Maqdir menyebut bahwa kliennya dianggap menerima uang, tetapi karena tidak memiliki jabatan yang berkaitan langsung dengan pengadaan proyek, semestinya hal itu dikategorikan sebagai gratifikasi atau suap, bukan korupsi pengadaan barang dan jasa.
Sebelumnya, Mahkamah Agung mengabulkan permohonan PK yang diajukan Setya Novanto atas kasus korupsi e-KTP. Putusan PK Nomor 32 PK/Pid.Sus/2020 itu diputuskan pada 4 Juni 2025 oleh majelis hakim yang terdiri dari Ketua Majelis Surya Jaya dan dua anggota hakim, Sinintha Yuliansih Sibarani serta Sigid Triyono.

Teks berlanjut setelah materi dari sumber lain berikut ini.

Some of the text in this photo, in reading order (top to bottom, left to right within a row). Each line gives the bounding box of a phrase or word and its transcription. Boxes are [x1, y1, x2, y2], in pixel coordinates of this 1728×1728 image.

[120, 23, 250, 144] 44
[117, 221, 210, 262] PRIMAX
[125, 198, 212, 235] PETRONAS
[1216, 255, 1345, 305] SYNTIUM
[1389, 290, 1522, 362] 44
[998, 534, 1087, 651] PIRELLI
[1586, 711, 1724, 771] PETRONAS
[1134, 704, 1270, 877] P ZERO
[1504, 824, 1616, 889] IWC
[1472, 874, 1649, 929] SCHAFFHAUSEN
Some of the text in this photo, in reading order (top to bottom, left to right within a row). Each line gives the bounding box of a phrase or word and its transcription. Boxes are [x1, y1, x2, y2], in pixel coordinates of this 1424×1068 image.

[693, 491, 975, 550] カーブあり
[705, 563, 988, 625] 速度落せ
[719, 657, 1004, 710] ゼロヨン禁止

Dalam putusannya, MA memutuskan hukuman penjara selama 12 tahun 6 bulan, serta menetapkan uang pengganti sebesar USD7,3 juta. Dari jumlah itu, dipotong Rp5 miliar yang telah dititipkan Setya Novanto kepada penyidik KPK.

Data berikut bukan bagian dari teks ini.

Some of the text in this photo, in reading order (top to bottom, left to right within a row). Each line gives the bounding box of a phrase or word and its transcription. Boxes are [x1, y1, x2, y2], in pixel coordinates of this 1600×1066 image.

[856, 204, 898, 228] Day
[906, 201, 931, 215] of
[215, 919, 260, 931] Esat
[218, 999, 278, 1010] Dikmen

Sisa uang pengganti sebesar Rp49 miliar diganti dengan hukuman subsidair dua tahun penjara apabila tidak dibayar. MA juga menjatuhkan hukuman tambahan berupa pencabutan hak politik selama 2 tahun 6 bulan setelah masa pidana berakhir.
Putusan ini memicu sorotan luas dari publik karena dinilai melemahkan komitmen pemberantasan korupsi di Indonesia.

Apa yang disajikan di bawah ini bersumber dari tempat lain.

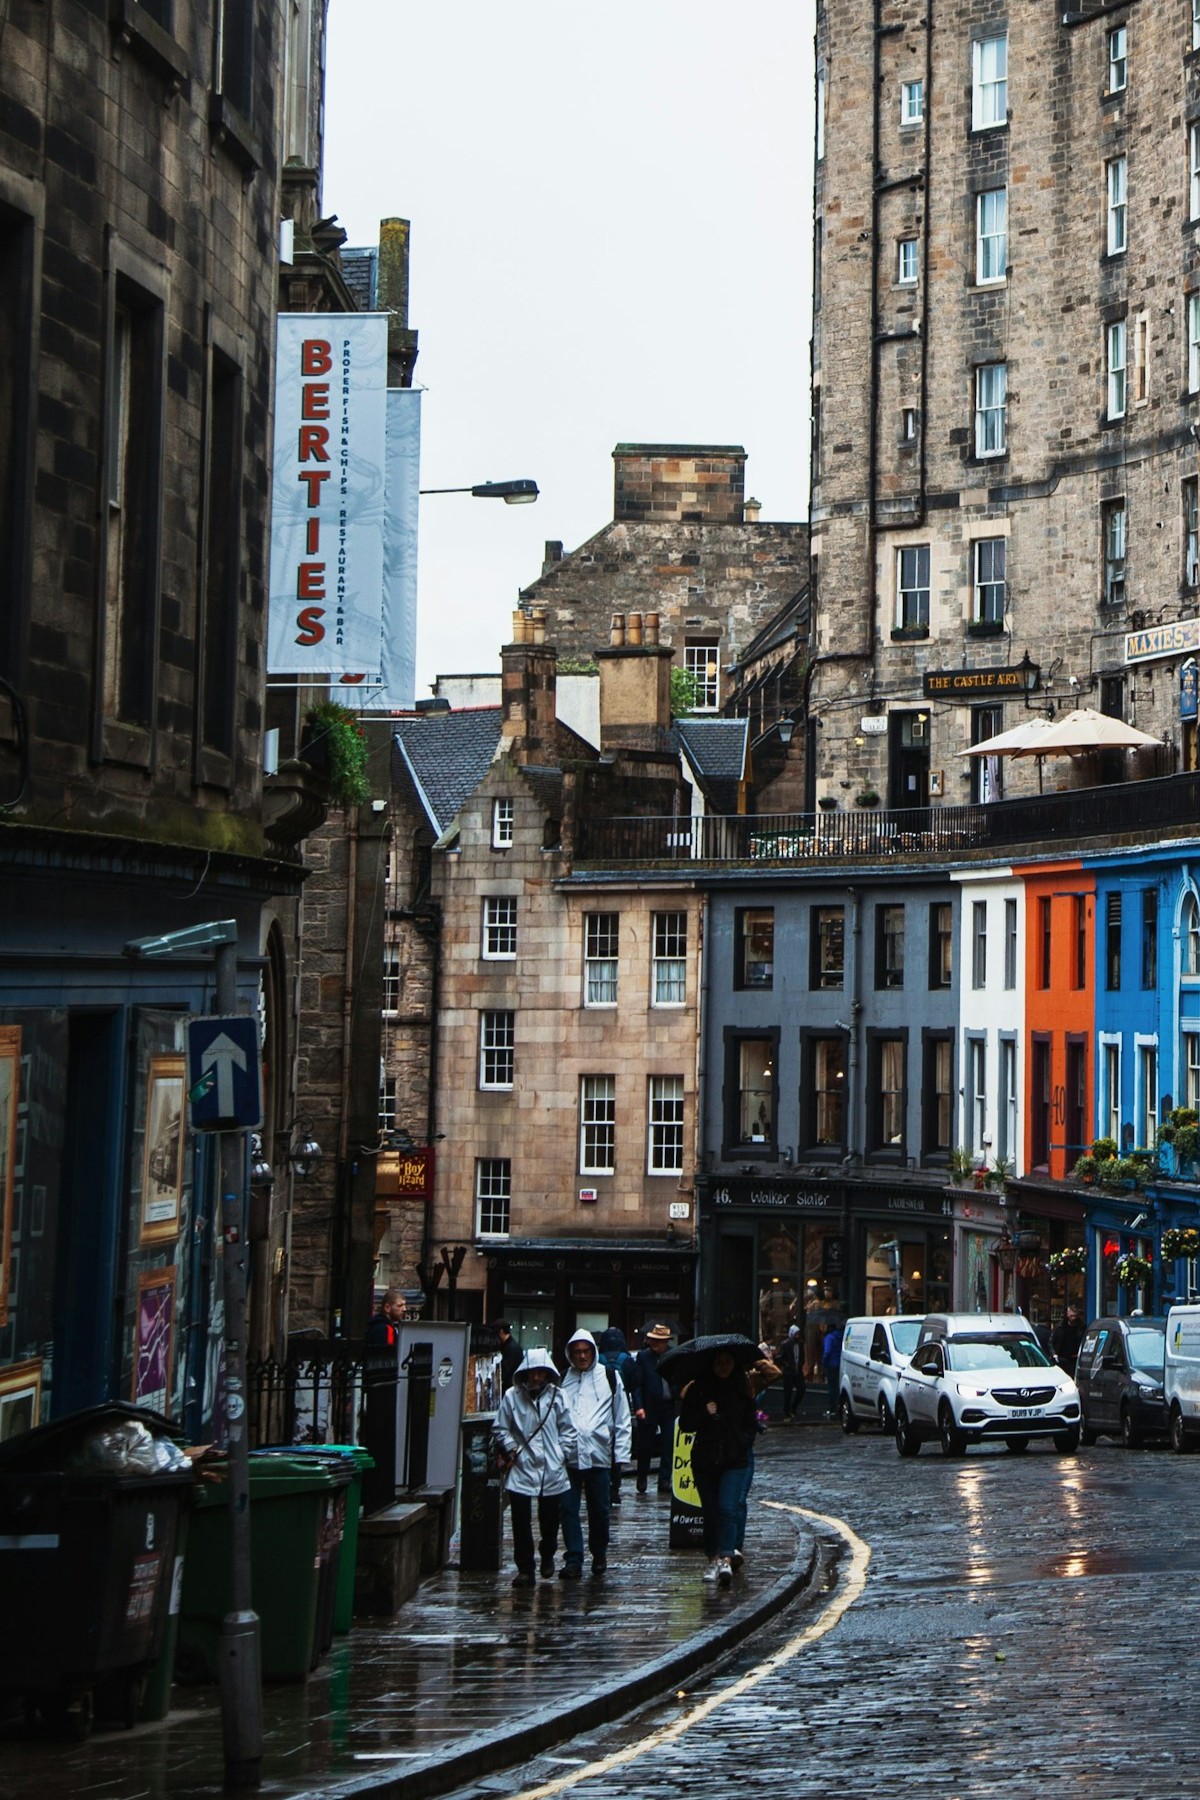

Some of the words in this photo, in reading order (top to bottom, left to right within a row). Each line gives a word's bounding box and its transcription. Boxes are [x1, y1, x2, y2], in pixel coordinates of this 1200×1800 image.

Sebelumnya, Mahkamah Agung (MA) kembali jadi sorotan publik setelah mengabulkan Peninjauan Kembali (PK) yang diajukan oleh mantan Ketua DPR RI, Setya Novanto.
Dalam putusan tersebut, MA memangkas hukuman Setnov dari 15 tahun menjadi 12,5 tahun penjara dalam kasus mega korupsi proyek e-KTP.
Putusan ini memunculkan pro dan kontra di tengah masyarakat. Banyak pihak menilai keputusan tersebut mencederai rasa keadilan, khususnya bagi masyarakat sebagai korban kejahatan korupsi.
Pegiat antikorupsi Tibiko Zabar dengan tegas menyayangkan keputusan tersebut.
Ia menyebut pengurangan hukuman terhadap Setnov sangat mengecewakan.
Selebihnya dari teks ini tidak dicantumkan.